Minimal POC of "dumb orchestrator – smart model". The LLM evolves itself by writing plugins (`add_plugin` / `run_plugin`). Inspired by MemPalace (96.6% on LongMemEval) and Claude Code’s TAOR loop. The core is immutable (<150 loc). HTTP transport is a plugin.

## Idea

Instead of hard-coding complexity into the orchestrator, the model is given two tools:
- `add_plugin(name, code)` — write and save a new plugin (or overwrite an existing one)
- `run_plugin(name, input_data)` — execute an already-loaded plugin by name

The core (orchestrator) is **immutable** and deliberately "dumb" (~150 lines).
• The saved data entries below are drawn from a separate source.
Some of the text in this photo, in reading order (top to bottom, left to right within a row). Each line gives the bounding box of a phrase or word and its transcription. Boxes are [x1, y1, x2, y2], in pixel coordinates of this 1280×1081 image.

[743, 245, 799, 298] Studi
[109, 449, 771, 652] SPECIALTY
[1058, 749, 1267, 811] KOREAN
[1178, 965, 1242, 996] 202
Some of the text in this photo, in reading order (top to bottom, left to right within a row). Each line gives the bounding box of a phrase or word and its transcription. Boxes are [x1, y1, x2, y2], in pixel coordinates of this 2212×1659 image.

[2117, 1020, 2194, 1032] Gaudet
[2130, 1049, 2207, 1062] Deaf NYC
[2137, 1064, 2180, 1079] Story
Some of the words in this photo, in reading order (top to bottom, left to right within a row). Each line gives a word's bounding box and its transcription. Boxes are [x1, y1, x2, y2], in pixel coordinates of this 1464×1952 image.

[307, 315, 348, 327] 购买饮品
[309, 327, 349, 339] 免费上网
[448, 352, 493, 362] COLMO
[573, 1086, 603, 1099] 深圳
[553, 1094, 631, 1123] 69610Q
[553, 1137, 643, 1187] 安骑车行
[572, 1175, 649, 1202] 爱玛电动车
All intelligence — creating new capabilities, coordinating agents, managing memory, parsing data — lives in the LLM’s reasoning and in the plugins it generates. The model decides when to write a plugin and can hot-reload them at any time.

## Inspiration

- **MemPalace** — the approach that dominated LongMemEval (96.6%) without complex RAG, simply by giving the model raw data and freedom to decide.
- **Claude Code** — the TAOR (Think‑Act‑Observe‑Repeat) architecture and the "dumb orchestrator, smart model" principle.
- **Critique of over-engineered RAG pipelines** — give the model a clean context and let it decide.

## Status

✅ **Implemented** — core, HTTP plugin, tests and CI.

## Quick start

```bash
# 1. Install dependencies
pip install -r requirements.txt

# 2. Create .env with your Anthropic API key
echo "ANTHROPIC_API_KEY=sk-ant-..." > .env

# 3. Start the orchestrator (HTTP server on port 8080)
python run.py

# 4. Send a request
curl -X POST http://localhost:8080/ \
     -H "Content-Type: application/json" \
     -d '{"prompt": "Write a plugin that returns the current time", "context": {}}'
```

The server port can be overridden via the `HTTP_PORT` environment variable.

## Docker sandbox (WSL)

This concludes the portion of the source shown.